SELECT  f.uid1 as friend1,
    f.uid2 as friend2,
    u1.profile_img profile_img1,
    u2.profile_img profile_img2
FROM Friends f
INNER JOIN Users u1 ON u1.uid = f.uid1 OR u1.uid = f.uid2
WHERE u1.uid = 1
and u1.Timestamp < dateadd(ss, -30, current_time)
1
  • That looks fine, but there's missing "u1" alias. I have no idea how could I join it not to break your logic
    – genesis
    Commented Dec 3, 2011 at 17:00
2

I agree with Myrddin that in the long run one-way associations are probably better. Could use triggers to force them to always in pairs.

Barring that: the OR in your own query is not optimized by MySQL and will make it very slow, let alone after adding any timestamp clauses.

Also: I don't understand the timestamp. Is that the time the user was last logged in? Will you be updating this table continuously? I doubt that would scale. Also, the test should then be: (online = timestamp > current time - 30 seconds) correct?

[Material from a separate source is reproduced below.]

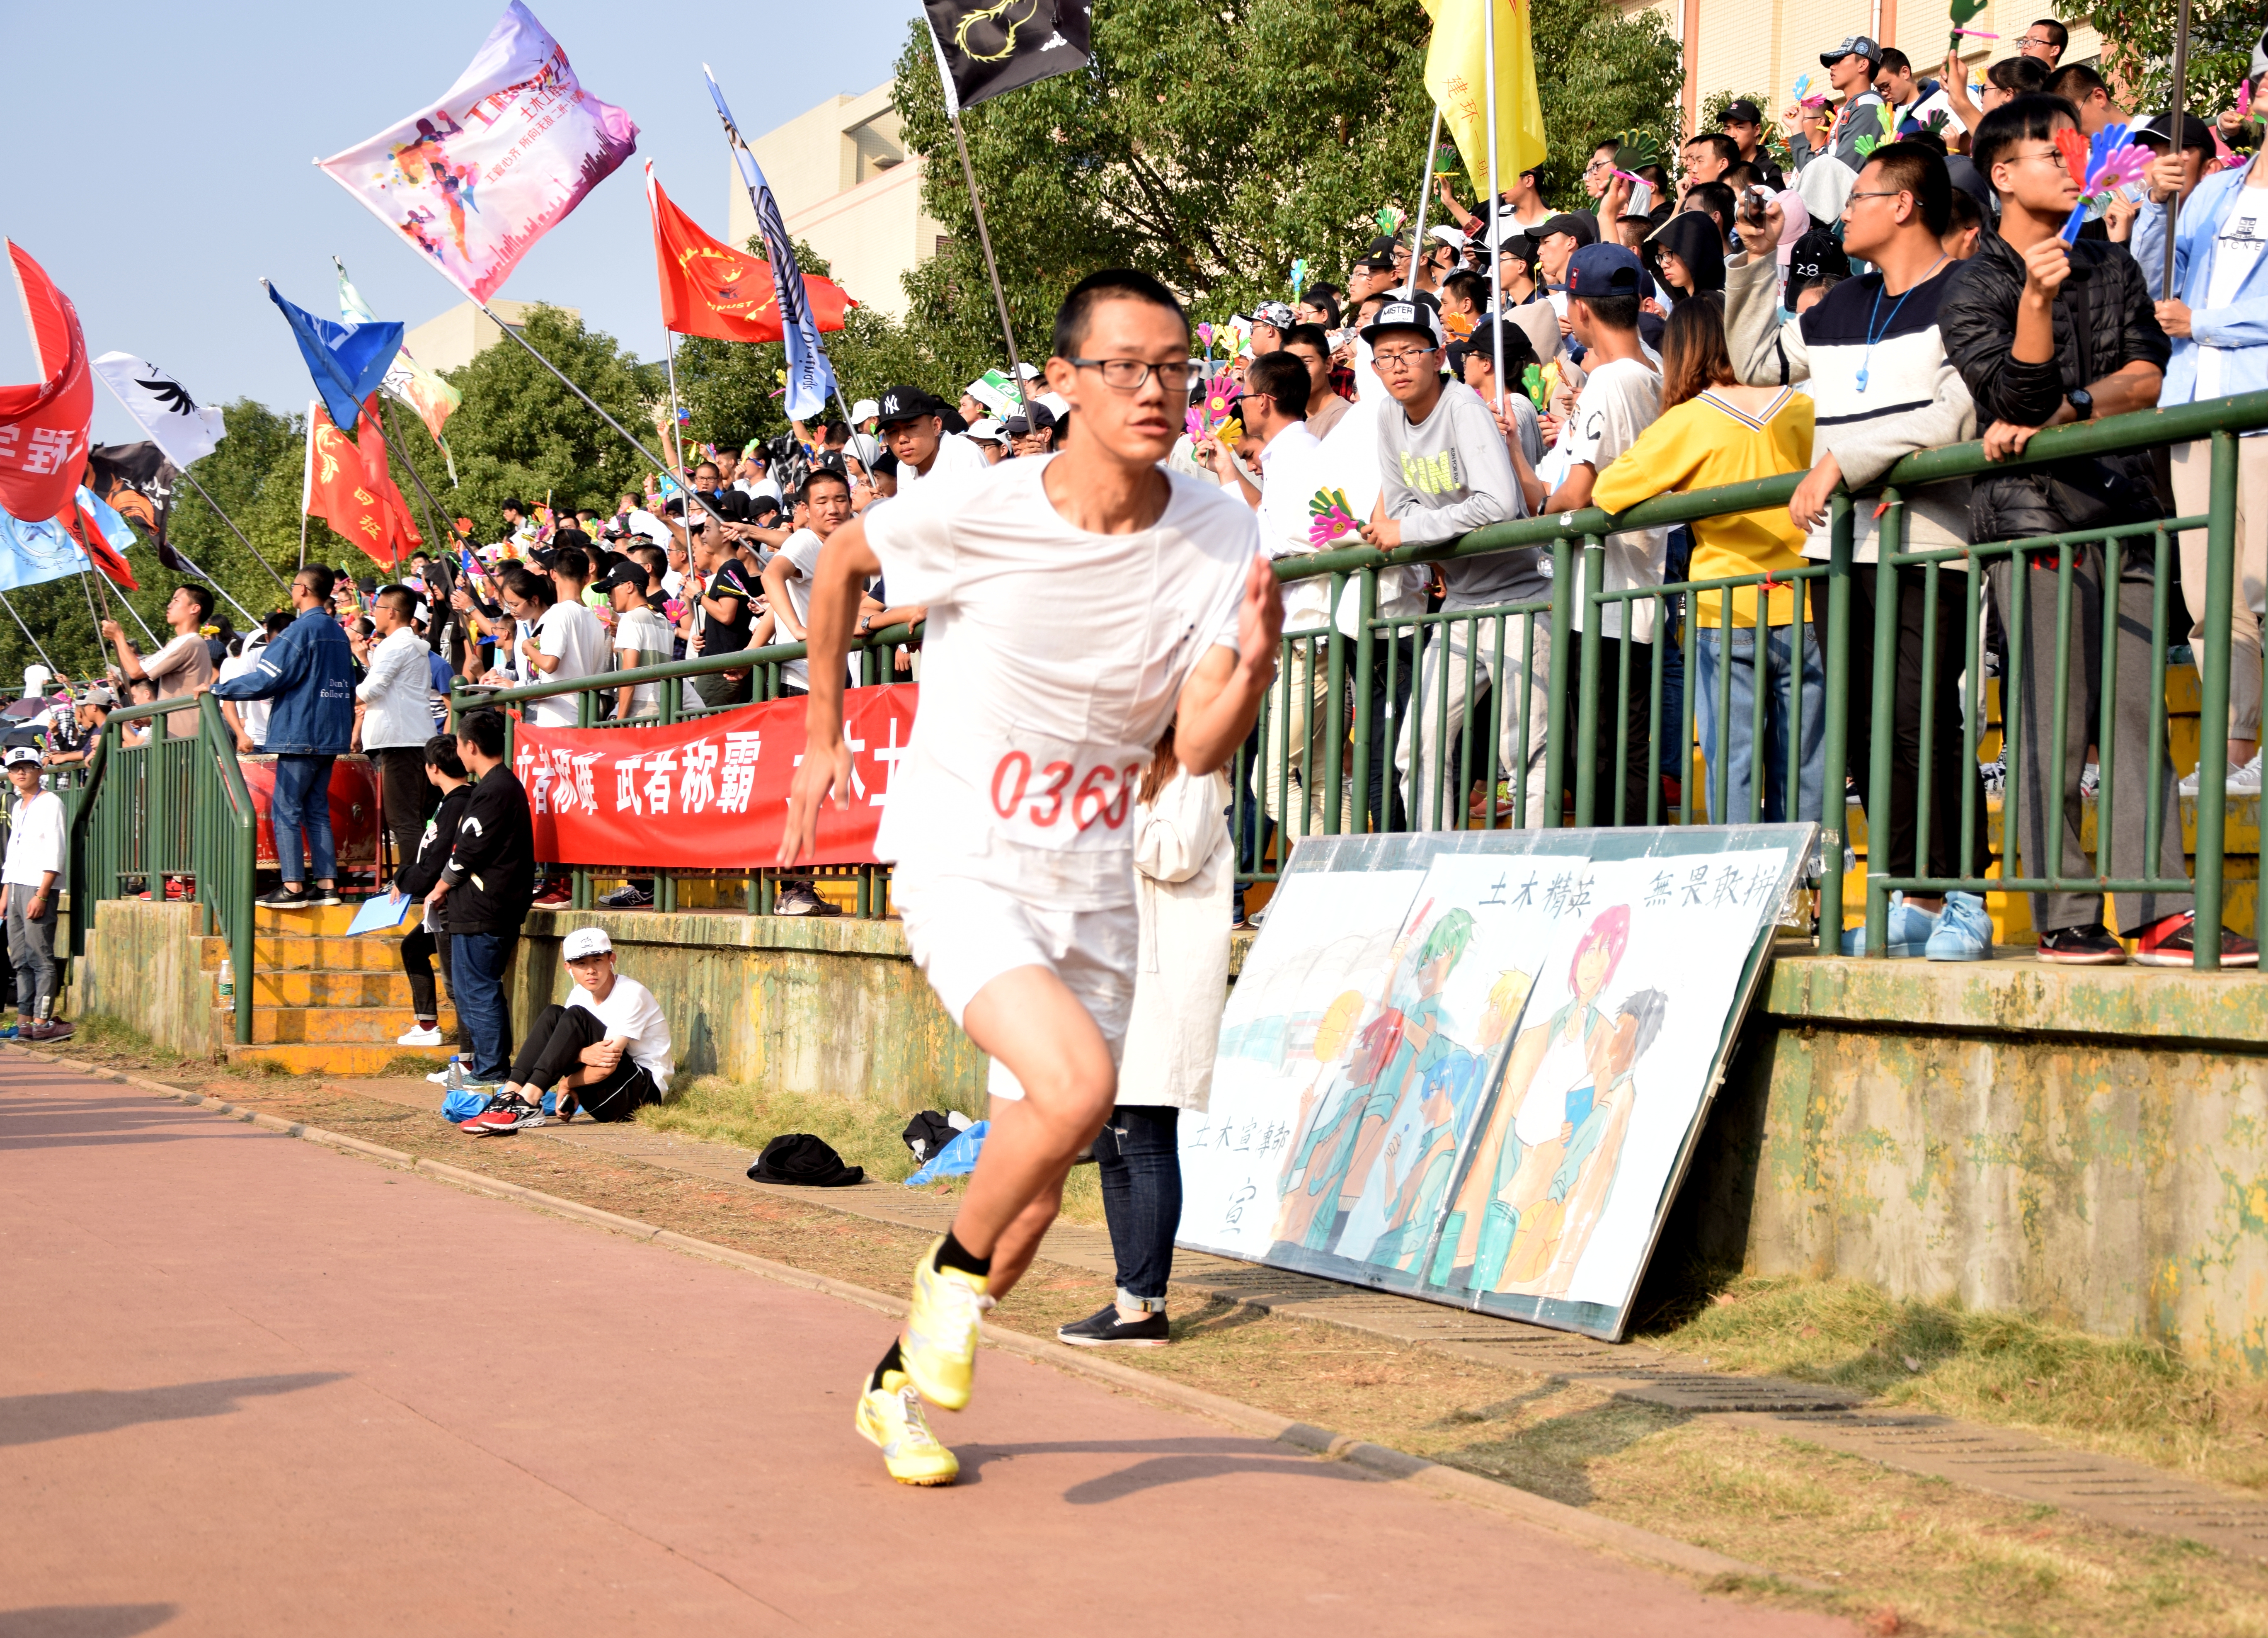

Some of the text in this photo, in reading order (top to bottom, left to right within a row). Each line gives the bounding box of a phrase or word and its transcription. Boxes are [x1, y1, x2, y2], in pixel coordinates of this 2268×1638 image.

Anyway, you can get rid of the OR and make the timestamp check easier by using a UNION. Note that I assume the timestamp field is a DATETIME, change it accordingly if it's an epoch serial or whatever.

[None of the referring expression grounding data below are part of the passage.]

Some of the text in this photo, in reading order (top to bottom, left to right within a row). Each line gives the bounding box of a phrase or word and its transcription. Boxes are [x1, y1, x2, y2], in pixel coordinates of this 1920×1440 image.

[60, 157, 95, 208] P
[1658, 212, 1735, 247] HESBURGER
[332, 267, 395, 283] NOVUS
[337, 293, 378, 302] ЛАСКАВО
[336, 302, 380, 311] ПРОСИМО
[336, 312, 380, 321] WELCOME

SELECT  f.uid1 as friend1,
    f.uid2 as friend2,
    u1.profile_img profile_img1,
    u2.profile_img profile_img2
FROM Friends f
INNER JOIN Users u1 ON u1.uid = f.uid1
INNER JOIN Users u2 ON u2.uid = f.uid2
WHERE 
    f.uid1 = 1 AND (u2.timestamp > NOW() - INTERVAL 30 SECOND) 

UNION ALL

SELECT  f.uid1 as friend1,
    f.uid2 as friend2,
    u1.profile_img profile_img1,
    u2.profile_img profile_img2
FROM Friends f
INNER JOIN Users u1 ON u1.uid = f.uid1
INNER JOIN Users u2 ON u2.uid = f.uid2
WHERE 
    f.uid2 = 1 AND (u1.timestamp > NOW() - INTERVAL 30 SECOND) 
;

How do you actually make sure friends are not linked twice? (1, 10) and (10, 1) for example. Do you have triggers in place? A TRIGGER to always force the lowest id to be the first user for example?

4
  • the OR in your own query is not optimized by MySQL and will make it very slow Can you tell me why do you think so? I select all friends with this query, but not sure why would it be a trouble
    – genesis
    Commented Dec 3, 2011 at 17:23
  • Also: I don't understand the timestamp. Is that the time the user was last logged in? time of the last user click, updated every click. Also, the test should then be correct, thanks for warning! ` Will you be updating this table continuously? I doubt that would scale` how would you do it then?
    – genesis
    Commented Dec 3, 2011 at 17:26
  • How do you actually make sure friends are not linked twice? (1, 10) and (10, 1) for example. ... Currently "add friend" isn't in place but I'd probably use SELECT COUNT(*) FROM Friends WHERE (uid1 = 1 AND uid2 = 2) OR (uid1 = 2 AND uid2 = 2). Timestamp is unix time
    – genesis
    Commented Dec 3, 2011 at 17:40
  • @genesis 1) OR will not be optimized because MySQL can only use one index at a time: you're ORring two fields. MySQL may still do some caching and some smarts depending on the version, but it's not a single simple index lookup. 2) Lots of updates. Not sure how to handle that, but some sort of caching layer sounds like a good plan. 3) That would work. But I would expect a solution with INSERT and UPDATE TRIGGERS more efficient. Let the TRIGGER ensure that uid1 is always smaller than uid2. Then put a UNIQUE index on (uid1, uid2) and let MySQL handle it.